Sim. Doação é o “contrato pelo qual uma pessoa (doador), por liberdade, transfere de seu patrimônio bens ou vantagens para outra (donatária), que os aceita”. Se for doação com encargos, “é necessária cláusula de reversão para a eventualidade do seu descumprimento”. Já a cessão de uso corresponde à “transferência gratuita da posse de um bem público de uma entidade ou órgão a outro, a fim de que o cessionário o utilize nas condições estabelecidas no respectivo termo”. Desse modo, este não se confunde com nenhuma das formas de alienação de bens, pois não se opera a transferência da propriedade. Além disso, por meio da cessão objetiva-se o “traspasse da posse de um bem público para outra entidade […] que dele tenha necessidade e se proponha a empregá-lo nas condições convencionadas com a Administração cedente”.

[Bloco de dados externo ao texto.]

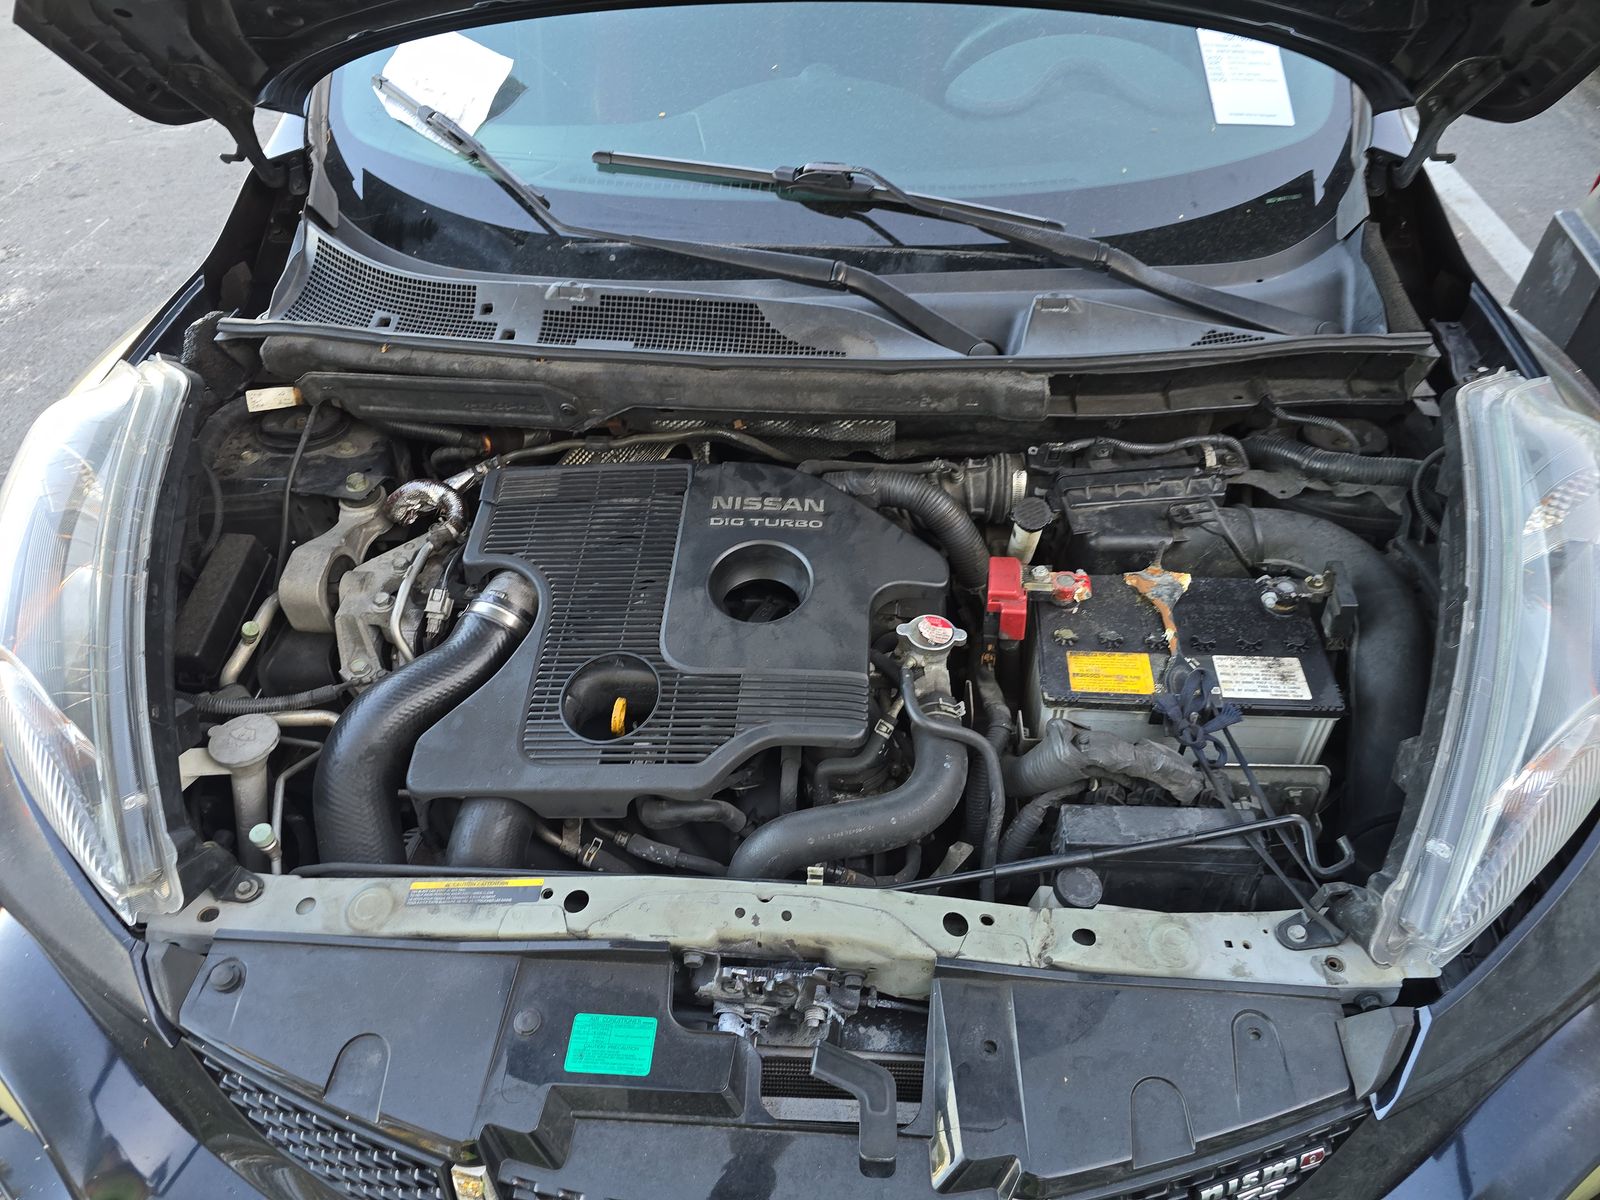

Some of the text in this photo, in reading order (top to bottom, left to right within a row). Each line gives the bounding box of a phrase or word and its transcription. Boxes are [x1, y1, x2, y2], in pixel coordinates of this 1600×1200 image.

Citações: Hely Lopes Meirelles, Direito Administrativo Brasileiro, 2013.


A UFSC pode doar qualquer bem?

Não. A legislação é criteriosa quanto a esse aspecto. Primeiramente, somente são passíveis de doação bens pertencentes à UFSC, ou seja, não são passíveis de doação bens de terceiros, cuja propriedade a UFSC não detém. Para que os bens próprios possam ser doados, é necessária sua prévia desafetação, pois sua finalidade precípua quando da incorporação foi a de atender às necessidades da Universidade. O Art. 15 do Decreto nº 99.658/90 elenca taxativamente os casos passíveis de doação, presentes sempre razões de interesse social, relativamente à escolha de outra forma de alienação.


Quem pode receber bens da UFSC em doação?

Podem receber bens doados pela UFSC as entidades enquadradas no Art. 15 do Decreto nº 99.658/90, dependendo também da classificação quanto ao estado de conservação do material (ocioso ou recuperável, antieconômico e irrecuperável) e forma de sua aquisição (adquirido com recursos de convênio, ou os destinados à execução descentralizada de programa federal). Trata-se, pois, de dupla análise: uma quanto à classificação das entidades passíveis de receber doações; outra, do estado de conservação dos bens.

A tramitação ocorre por meio de processo e procedimentos próprios, tendo em vista a necessidade de garantir o pleno atendimento, principalmente, aos princípios constitucionais da impessoalidade, da publicidade e da moralidade administrativa, bem como observando a transparência processual para não incorrer nas práticas vedadas Pela Lei nº 8.429/92.